Steinbrenner would probably be the single most famous owner in baseball history to have a plaque in Cooperstown if he gets elected. He didn't this time. Does he deserve it down the road? Well, his Yankees did win seven World Series rings before he retired. He did show what free agency could mean to a winning team when he jumped into the deep end of the pool after his return from a suspension early in his ownership.
But he also treated his players, his managers, his coaches, and just about all his personnel in such ways as to make clear that then-Mets general manager Frank Cashen was only half kidding when he referred to "Fort Apache, Yankee Stadium." Not for nothing was Steinbrenner known as the man who threw out the first manager of the year through the 1980s. "You're fired" was a Steinbrennerism long before Donaldus Minimus made it a television catchphrase.
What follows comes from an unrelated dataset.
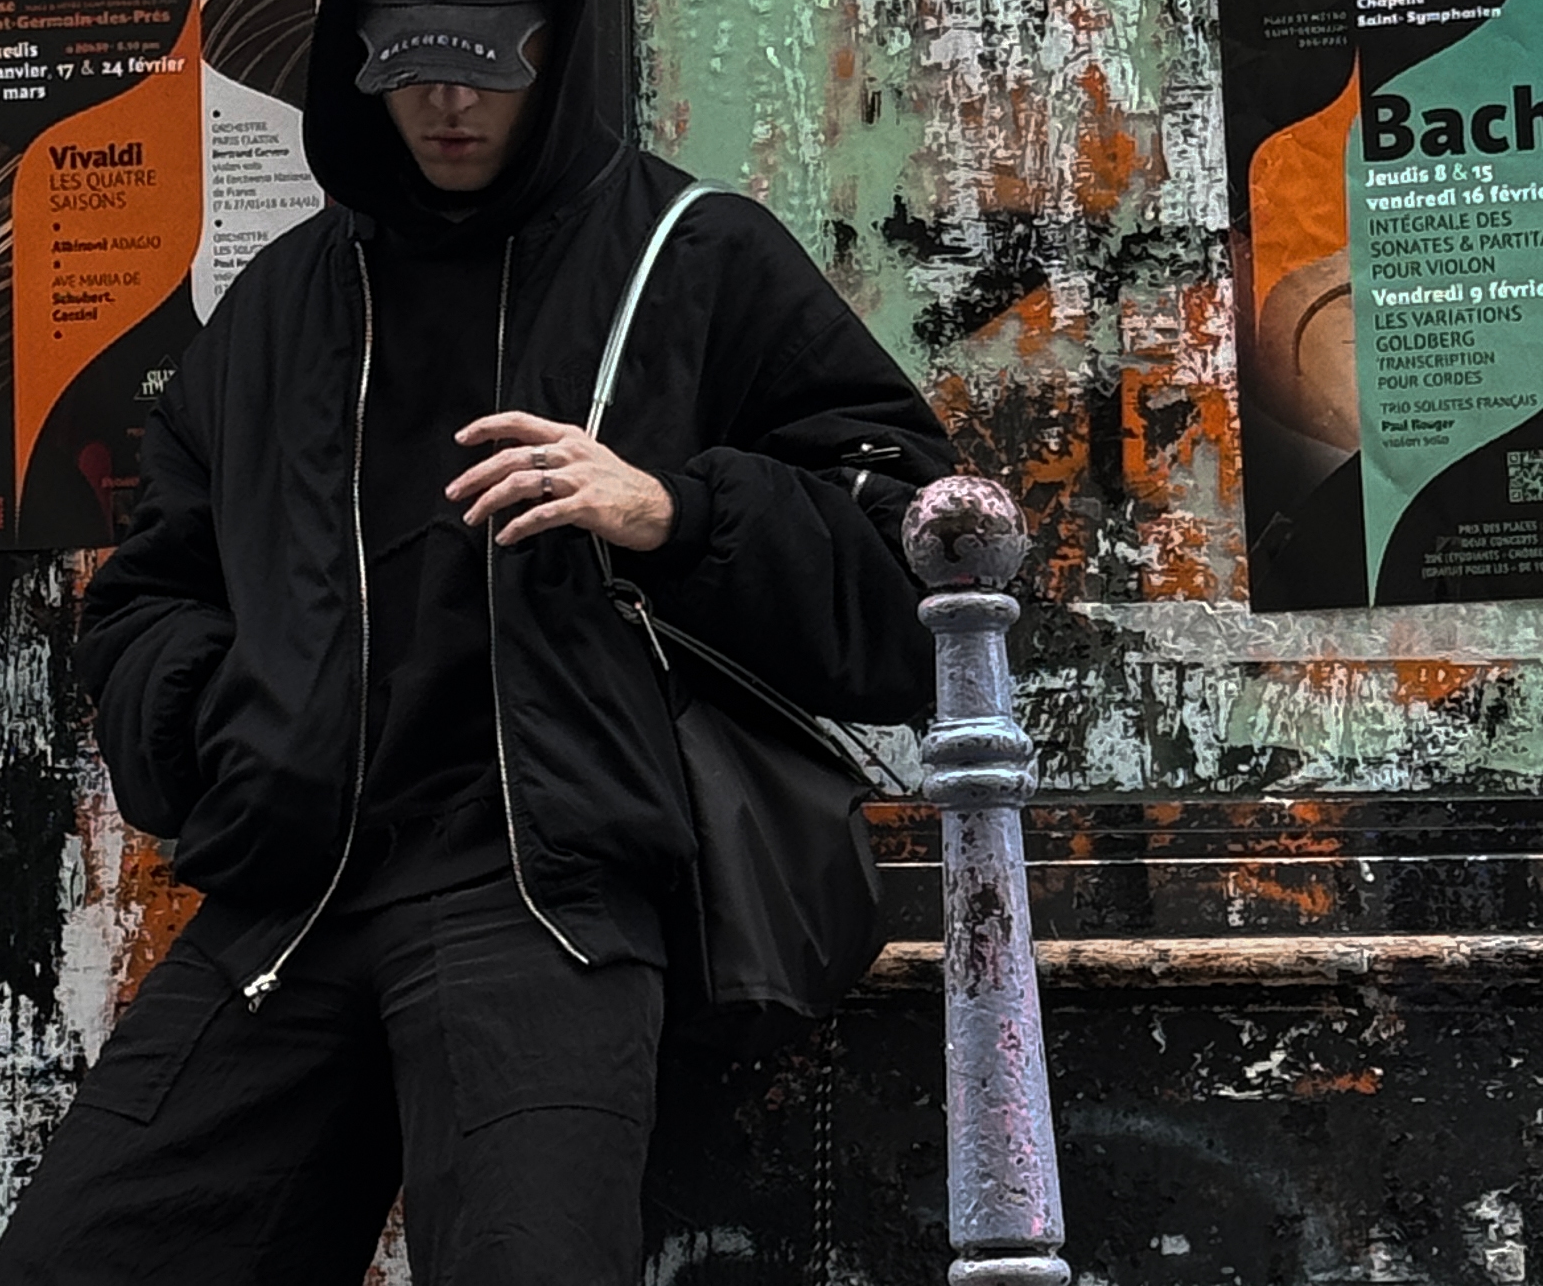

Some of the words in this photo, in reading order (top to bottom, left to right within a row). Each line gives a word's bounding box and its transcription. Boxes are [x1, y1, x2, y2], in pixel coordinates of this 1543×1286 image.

Contradictorily, Steinbrenner had enough of a soft heart as to give a lot of former players — ex-Yankees and otherwise — second chances with substantial jobs in his front office. Even more contradictorily, when Yankee Stadium personnel urged the Yankee powers that be to clear out the Stadium after the Red Sox won that stupefying 2004 American League Championship Series in the Yankees' house, The Boss graciously rebuked them: "No. They earned it. Let them have fun."
Think of Steinbrenner as the kind of father who spoiled the living daylights out of you one minute and beat the living daylights out of you the next, often as not over something that wasn't even close to misbehaviour or disobedience. Then ask yourself if that's your idea of a Hall of Fame father.